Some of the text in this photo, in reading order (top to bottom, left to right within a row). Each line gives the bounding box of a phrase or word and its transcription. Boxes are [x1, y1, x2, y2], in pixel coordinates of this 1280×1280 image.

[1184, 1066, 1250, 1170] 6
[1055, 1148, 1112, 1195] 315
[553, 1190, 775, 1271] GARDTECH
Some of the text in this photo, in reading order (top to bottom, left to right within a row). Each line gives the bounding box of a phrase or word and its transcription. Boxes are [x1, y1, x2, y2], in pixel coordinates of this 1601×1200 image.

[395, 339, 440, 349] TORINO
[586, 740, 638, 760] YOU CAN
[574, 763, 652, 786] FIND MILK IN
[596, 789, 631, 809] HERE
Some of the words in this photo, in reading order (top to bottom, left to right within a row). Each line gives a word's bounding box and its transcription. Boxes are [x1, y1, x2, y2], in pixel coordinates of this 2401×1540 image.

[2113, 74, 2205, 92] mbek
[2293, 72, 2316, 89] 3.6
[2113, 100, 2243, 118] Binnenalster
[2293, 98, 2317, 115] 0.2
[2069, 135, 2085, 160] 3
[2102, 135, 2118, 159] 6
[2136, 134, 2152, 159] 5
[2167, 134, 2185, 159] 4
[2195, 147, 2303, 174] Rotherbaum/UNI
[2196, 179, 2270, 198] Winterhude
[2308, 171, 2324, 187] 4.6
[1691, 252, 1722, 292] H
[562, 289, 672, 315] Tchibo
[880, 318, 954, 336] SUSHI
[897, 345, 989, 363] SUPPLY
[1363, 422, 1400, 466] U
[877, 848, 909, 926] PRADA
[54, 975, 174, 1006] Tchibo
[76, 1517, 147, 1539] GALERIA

● ● ● ● ● ● ●

▸ EXERCISE OBJECTIVE
Every line in the records has to be written out again exactly.

▸ RESULT FOR THIS EXERCISE
Some of the text in this photo, in reading order (top to bottom, left to right within a row). Each line gives the bounding box of a phrase or word and its transcription. Boxes are [x1, y1, x2, y2], in pixel coordinates of this 1280×1280 image.

[1184, 1066, 1250, 1170] 6
[1055, 1148, 1112, 1195] 315
[553, 1190, 775, 1271] GARDTECH
Some of the text in this photo, in reading order (top to bottom, left to right within a row). Each line gives the bounding box of a phrase or word and its transcription. Boxes are [x1, y1, x2, y2], in pixel coordinates of this 1601×1200 image.

[395, 339, 440, 349] TORINO
[586, 740, 638, 760] YOU CAN
[574, 763, 652, 786] FIND MILK IN
[596, 789, 631, 809] HERE
Some of the words in this photo, in reading order (top to bottom, left to right within a row). Each line gives a word's bounding box and its transcription. Boxes are [x1, y1, x2, y2], in pixel coordinates of this 2401×1540 image.

[2113, 74, 2205, 92] mbek
[2293, 72, 2316, 89] 3.6
[2113, 100, 2243, 118] Binnenalster
[2293, 98, 2317, 115] 0.2
[2069, 135, 2085, 160] 3
[2102, 135, 2118, 159] 6
[2136, 134, 2152, 159] 5
[2167, 134, 2185, 159] 4
[2195, 147, 2303, 174] Rotherbaum/UNI
[2196, 179, 2270, 198] Winterhude
[2308, 171, 2324, 187] 4.6
[1691, 252, 1722, 292] H
[562, 289, 672, 315] Tchibo
[880, 318, 954, 336] SUSHI
[897, 345, 989, 363] SUPPLY
[1363, 422, 1400, 466] U
[877, 848, 909, 926] PRADA
[54, 975, 174, 1006] Tchibo
[76, 1517, 147, 1539] GALERIA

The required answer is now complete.